Süddeutsche Zeitung

Prozess in München:"Er wollte sie töten, wenn sie weiter Nein sagt"

Lesezeit: 2 min

Von Susi Wimmer, München

"Und in zwölf Jahren, da kommt er aus dem Gefängnis und kann wieder einen Menschen töten?" Bei den Angehörigen herrscht Fassungslosigkeit nach dem Urteil gegen Angel R., den Mann, der im September 2015 auf der Thalkirchner Straße die 28 Jahre alte Schwester seiner Ex-Freundin getötet hat.

Die Kammer unter Vorsitz von Michael Höhne sah keine Mordmerkmale erfüllt und verurteilte den 39-Jährigen wegen Totschlags zu einer Haftstrafe von zwölf Jahren und sechs Monaten. "Betroffen macht uns", sagte Höhne am Ende, "dass ein vier Jahre alter Bub durch die Hand seines Onkels seine geliebte Mutter verloren hat".

Der Prozess endete so, wie er angefangen hatte: Mit einem selbstmitleidigen, vor sich hin jammernden Angeklagten, der bei der Urteilsverkündung plötzlich ein diabolisches Grinsen zur Schau trug, während weinende Angehörige im Zuschauerraum saßen.

Das Gericht stufte Angel R. als einen jähzornigen und gewalttätigen Mann ein, der seine Freundin schlug und trat, "wenn sie sich nicht angemessen verhielt oder Widerworte hatte". Im April 2014 schaffte es Snezhana K., sich von ihm zu trennen.
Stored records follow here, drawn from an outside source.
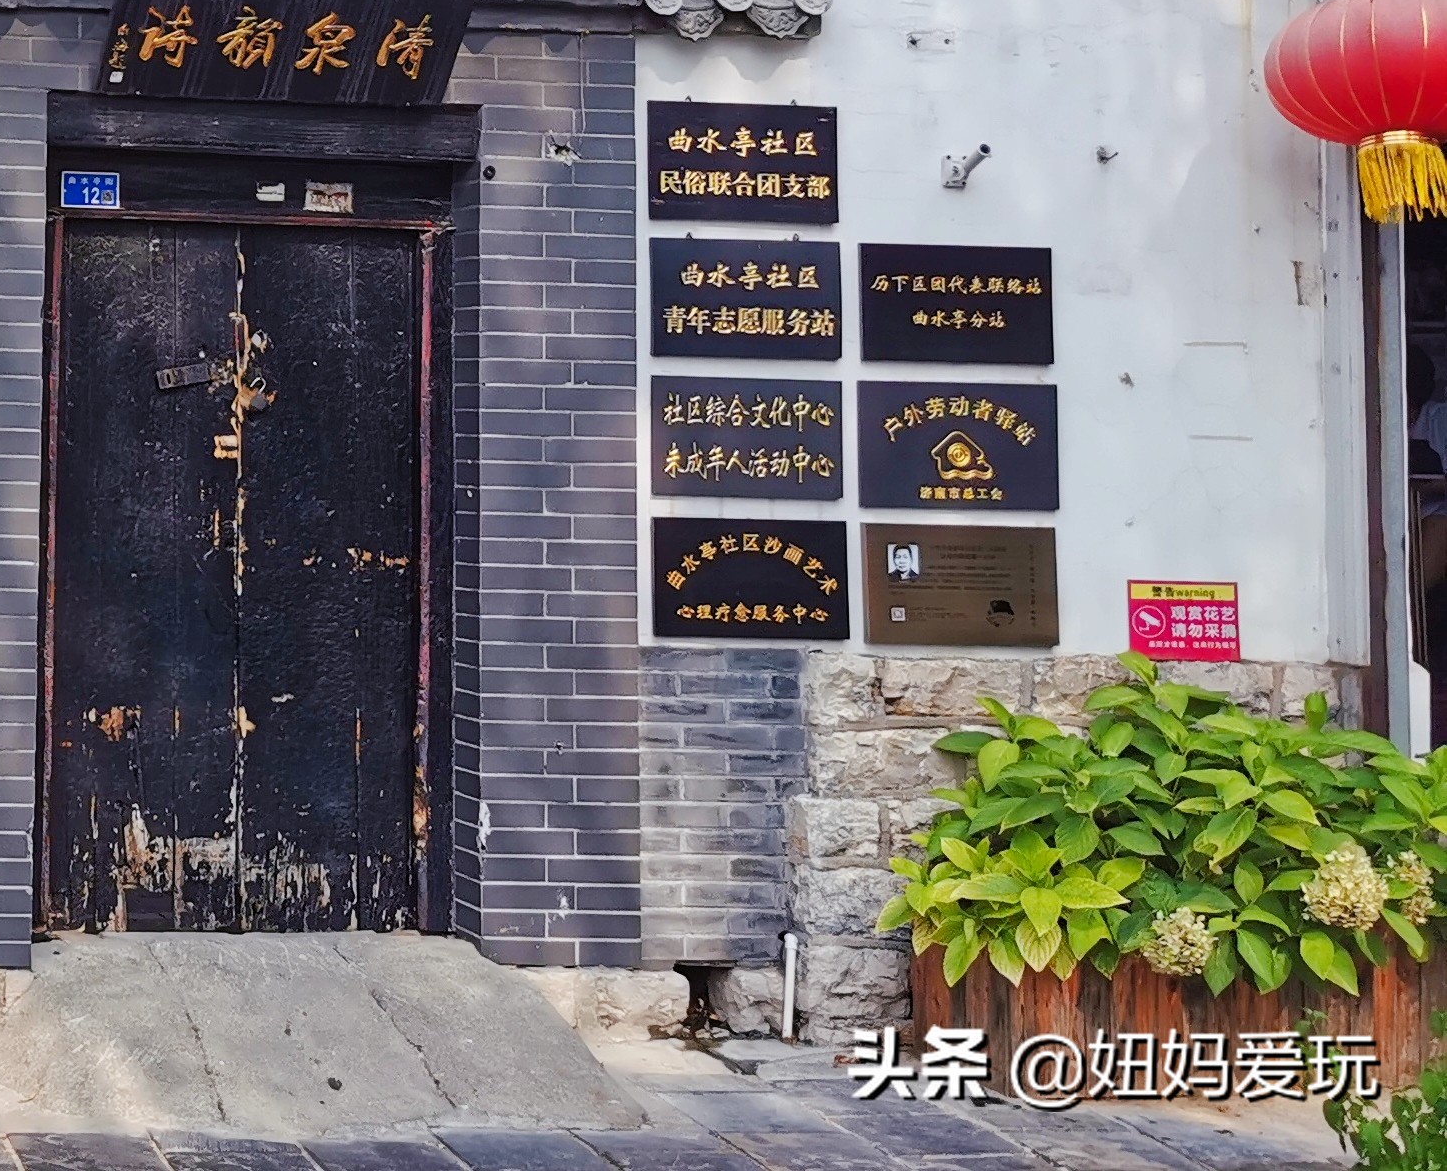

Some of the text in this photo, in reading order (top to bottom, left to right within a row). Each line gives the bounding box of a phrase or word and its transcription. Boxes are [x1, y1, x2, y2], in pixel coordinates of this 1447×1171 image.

[668, 127, 818, 158] 曲水亭社区
[82, 187, 100, 204] 12
[660, 170, 831, 200] 民俗联合团支部
[680, 260, 821, 291] 曲水亭社区
[870, 274, 1043, 296] 历下区团代表联络站
[662, 305, 835, 338] 青年志愿服务站
[911, 308, 1006, 331] 曲水亭分站
[663, 392, 835, 432] 社区综合文化中心
[883, 395, 1037, 447] 户外劳动者驿站
[663, 441, 835, 484] 未成年人活动中心
[919, 486, 1003, 501] 济南市总工会
[665, 533, 839, 596] 曲水亭社区沙画艺术
[676, 601, 830, 625] 心理疗愈服务中心
Sie erwirkte ein Kontaktverbot, das Sozialreferat fürchtete um das Wohl der beiden Kinder und verbot dem Vater den Umgang.

Doch Angel R. war das egal. Er stalkte Snezhana K., bedrohte sie und als sie am Tattag erneut ein Treffen mit ihm und den Kindern ablehnte, steckte er ein Messer, das zum Häuten von Tieren gedacht ist, in seine Jacke und wollte sie zur Rede stellen. "Er wollte sie töten, wenn sie weiter Nein sagt", so das Gericht.

Vor der Pizzeria, wo Snezhana K. arbeitete, traf er auf ihre Schwester Diana K. Die stellte ihn mit harschen Worten zur Rede. Angel R. schlug ihr mit der Faust ins Gesicht, dann zog er blitzschnell ein Messer. Die Versionen von einem "tragischen Unfall", die der Angeklagte in unterschiedlichen Abhandlungen vortrug, seien "reine Schutzbehauptungen", so das Gericht.

Die Kammer ging nicht von einer Tötungsabsicht aus, sie konnte in ihrer eineinhalbstündigen Urteilsbegründung auch nicht die Mordmerkmale von einem arg- und wehrlosen Opfer sehen und auch keine niedrigen Beweggründe.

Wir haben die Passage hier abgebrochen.